2.1 Species and Populations

Species and Populations

To start this new unit I begin with some simple definitions then tackle the fundamental and realised niche. I find this brings students straight into the world of ecology, actively using words that can be hard to understand without a context.

I follow the niche work with some more definitions again followed by a practical activity on biotic interactions to start students thinking about species and population level interactions.

An exercise modelling population growth introduces S and J curves, carrying capacity and limiting factors and then to finish off the sub-topic there are practical activities for data analysis and thinking with wolves, climate change and Clark's Nutcrackers.

Significant ideas:
• A species interacts with its abiotic and biotic environments, and its niche is described by these interactions.
• Populations change and respond to interactions with the environment.
• Any system has a carrying capacity for a given species.

Recommended Teaching Time (not including practicals): 5 hours

Checking Understanding: Are Your Ready?

All these questions can be answered using the resources here and the sub-pages for 2.1.

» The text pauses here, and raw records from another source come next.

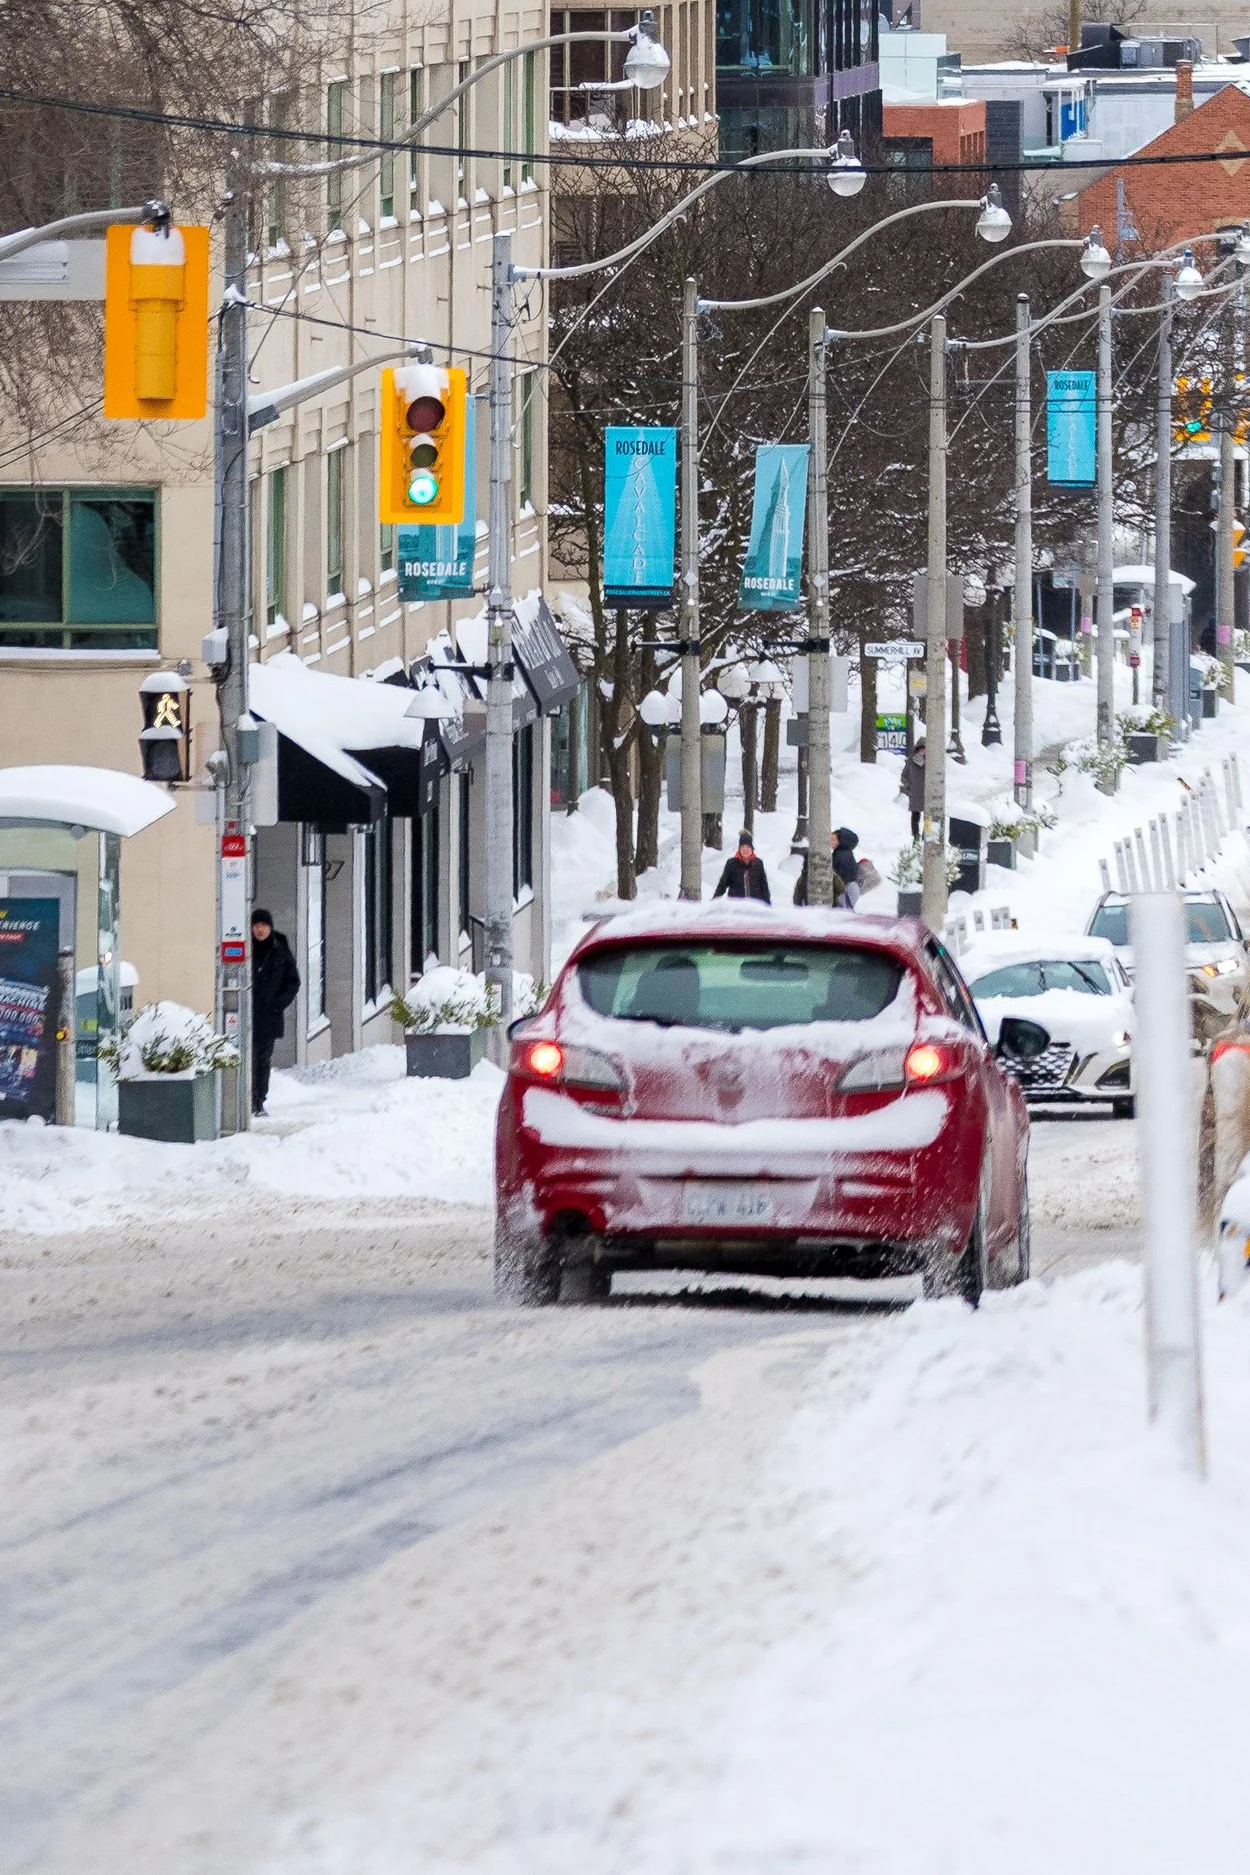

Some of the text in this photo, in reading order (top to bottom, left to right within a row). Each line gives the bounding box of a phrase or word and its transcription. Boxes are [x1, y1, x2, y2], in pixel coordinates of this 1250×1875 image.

[1054, 379, 1089, 390] ROSEDALE
[615, 440, 666, 456] ROSEDALE
[404, 561, 467, 577] ROSEDALE
[744, 577, 795, 591] ROSEDALE
[867, 645, 910, 656] SUMMERHILL

  1. Define the terms species and population.
  2. Define the terms habitat and niche and give examples of each.
  3. Compare the terms fundamental niche and realized niche and provide an example.
  4. Outline the following abiotic factors that can affect a species distribution: temperature, sunlight, pH, salinity, precipitation.
  5. Use this diagram with an example to explain how an abiotic factor can affect the distribution of a species. 

 

  1. Outline the following biotic factors that can affect species distribution: predation, herbivory, parasitism, mutualism, disease, competition.
  2. Give examples of intraspecific competition and interspecific competition.
  3. Describe how both intra and interspecific competition can affect niche size.
  4. Describe how competition can affect species diversity.
  5. Define exponential growth and draw an exponential (J-shaped) population curve.
  6. Draw and annotate a logistic (S-shaped) growth curve, be sure to address numbers and rates of growth.
  7. Define the term carrying capacity.
  8. Give two examples each of density independent and density dependent factors that can affect population size.
  9. Explain how density dependent factors are related to the logistic growth curve. 
  10. Explain how predation, herbivory, parasitism, mutualism, disease, and competition can affect the carrying capacity of a population.

1. Fundamental vs Realised Niche

Significant Idea:

  • A species interacts with its abiotic and biotic environments, and its niche is described by these interactions.

Student Tasks and Teaching Strategies

To start this sub-topic I have chosen to start with Introducing the Niche​. This has been expanded upon since the last syllabus and now students are expected to understand the difference between a realised and a fundamental niche. I have found that this immediately has helped students to gain a deeper understanding of ecological concepts.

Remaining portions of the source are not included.